- _GIVEN INFORMATION_

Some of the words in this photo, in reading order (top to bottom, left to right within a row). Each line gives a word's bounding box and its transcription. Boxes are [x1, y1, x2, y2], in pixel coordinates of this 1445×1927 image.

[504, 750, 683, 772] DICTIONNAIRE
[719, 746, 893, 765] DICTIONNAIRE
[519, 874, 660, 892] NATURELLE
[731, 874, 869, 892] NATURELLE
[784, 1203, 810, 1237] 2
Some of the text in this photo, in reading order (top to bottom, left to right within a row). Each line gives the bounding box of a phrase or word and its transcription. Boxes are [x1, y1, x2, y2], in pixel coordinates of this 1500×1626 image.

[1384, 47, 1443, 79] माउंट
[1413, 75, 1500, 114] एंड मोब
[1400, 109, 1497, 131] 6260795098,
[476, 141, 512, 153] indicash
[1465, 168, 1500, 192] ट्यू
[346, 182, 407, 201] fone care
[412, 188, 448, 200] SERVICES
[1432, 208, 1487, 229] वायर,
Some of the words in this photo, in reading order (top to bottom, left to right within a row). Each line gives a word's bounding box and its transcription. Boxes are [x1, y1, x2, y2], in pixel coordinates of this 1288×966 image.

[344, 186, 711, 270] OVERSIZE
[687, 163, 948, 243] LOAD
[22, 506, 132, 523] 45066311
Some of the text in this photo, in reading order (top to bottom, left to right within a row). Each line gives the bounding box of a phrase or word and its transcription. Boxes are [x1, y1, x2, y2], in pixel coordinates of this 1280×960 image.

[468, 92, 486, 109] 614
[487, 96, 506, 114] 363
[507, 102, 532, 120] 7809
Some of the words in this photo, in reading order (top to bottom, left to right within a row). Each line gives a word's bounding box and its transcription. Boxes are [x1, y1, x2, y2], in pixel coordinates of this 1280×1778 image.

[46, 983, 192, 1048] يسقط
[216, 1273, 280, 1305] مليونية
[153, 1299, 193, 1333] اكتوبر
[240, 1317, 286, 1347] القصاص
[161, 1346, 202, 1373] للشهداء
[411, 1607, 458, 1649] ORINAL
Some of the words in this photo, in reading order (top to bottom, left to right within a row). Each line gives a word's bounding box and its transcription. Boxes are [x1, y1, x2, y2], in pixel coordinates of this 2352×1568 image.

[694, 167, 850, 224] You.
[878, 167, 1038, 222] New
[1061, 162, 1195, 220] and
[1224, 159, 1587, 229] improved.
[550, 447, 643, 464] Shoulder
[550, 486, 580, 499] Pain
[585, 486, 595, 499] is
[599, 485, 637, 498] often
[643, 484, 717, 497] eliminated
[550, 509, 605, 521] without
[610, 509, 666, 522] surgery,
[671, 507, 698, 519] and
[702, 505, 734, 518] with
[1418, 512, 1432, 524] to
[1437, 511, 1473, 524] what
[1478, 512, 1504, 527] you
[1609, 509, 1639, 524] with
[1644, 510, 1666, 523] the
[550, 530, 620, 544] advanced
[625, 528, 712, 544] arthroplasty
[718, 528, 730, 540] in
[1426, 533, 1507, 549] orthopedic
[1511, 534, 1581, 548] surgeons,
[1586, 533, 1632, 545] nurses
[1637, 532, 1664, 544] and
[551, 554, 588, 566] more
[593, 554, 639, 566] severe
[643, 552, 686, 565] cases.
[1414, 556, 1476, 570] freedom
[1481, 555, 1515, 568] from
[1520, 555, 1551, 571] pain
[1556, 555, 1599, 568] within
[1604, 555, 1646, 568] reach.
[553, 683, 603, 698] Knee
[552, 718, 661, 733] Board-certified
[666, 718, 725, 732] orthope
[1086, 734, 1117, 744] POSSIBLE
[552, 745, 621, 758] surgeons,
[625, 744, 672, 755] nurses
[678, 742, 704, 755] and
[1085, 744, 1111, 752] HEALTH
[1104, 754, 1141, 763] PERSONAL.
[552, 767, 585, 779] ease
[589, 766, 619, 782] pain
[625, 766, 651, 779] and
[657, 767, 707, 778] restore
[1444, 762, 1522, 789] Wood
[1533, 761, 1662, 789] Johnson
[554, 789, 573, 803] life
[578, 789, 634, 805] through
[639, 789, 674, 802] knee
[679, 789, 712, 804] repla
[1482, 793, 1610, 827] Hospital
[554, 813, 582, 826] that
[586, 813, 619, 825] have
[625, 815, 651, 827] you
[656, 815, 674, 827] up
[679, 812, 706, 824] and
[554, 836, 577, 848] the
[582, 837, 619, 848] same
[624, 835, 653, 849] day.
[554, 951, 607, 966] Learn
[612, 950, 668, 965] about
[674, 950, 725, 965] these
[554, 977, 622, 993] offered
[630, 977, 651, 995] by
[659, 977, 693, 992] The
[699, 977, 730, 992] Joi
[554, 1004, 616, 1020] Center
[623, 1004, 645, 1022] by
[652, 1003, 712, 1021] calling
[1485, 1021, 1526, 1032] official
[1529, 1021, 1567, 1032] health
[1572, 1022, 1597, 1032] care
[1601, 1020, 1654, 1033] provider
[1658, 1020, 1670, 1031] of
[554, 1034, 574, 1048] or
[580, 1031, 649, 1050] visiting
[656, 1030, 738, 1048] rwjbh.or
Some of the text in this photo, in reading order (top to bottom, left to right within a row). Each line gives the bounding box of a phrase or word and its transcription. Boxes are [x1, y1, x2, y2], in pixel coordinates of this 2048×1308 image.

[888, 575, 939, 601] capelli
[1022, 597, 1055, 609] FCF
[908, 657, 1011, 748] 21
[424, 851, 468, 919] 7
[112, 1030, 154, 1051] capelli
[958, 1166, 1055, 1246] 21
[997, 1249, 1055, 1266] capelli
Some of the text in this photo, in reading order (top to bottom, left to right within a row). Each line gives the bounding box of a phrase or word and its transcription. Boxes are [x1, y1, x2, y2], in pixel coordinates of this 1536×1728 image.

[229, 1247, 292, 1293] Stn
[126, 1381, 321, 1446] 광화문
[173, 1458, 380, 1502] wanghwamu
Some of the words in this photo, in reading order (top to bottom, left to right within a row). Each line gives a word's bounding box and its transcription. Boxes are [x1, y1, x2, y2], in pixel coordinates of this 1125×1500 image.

- _WORK ORDER_
Each line from the one that holds "this 1536×1728 image." to the end of the records above should be transcribed exactly, both ends included.

- _TASK OUTPUT_
Some of the text in this photo, in reading order (top to bottom, left to right within a row). Each line gives the bounding box of a phrase or word and its transcription. Boxes are [x1, y1, x2, y2], in pixel coordinates of this 1536×1728 image.

[229, 1247, 292, 1293] Stn
[126, 1381, 321, 1446] 광화문
[173, 1458, 380, 1502] wanghwamu
Some of the words in this photo, in reading order (top to bottom, left to right within a row). Each line gives a word's bounding box and its transcription. Boxes are [x1, y1, x2, y2], in pixel coordinates of this 1125×1500 image.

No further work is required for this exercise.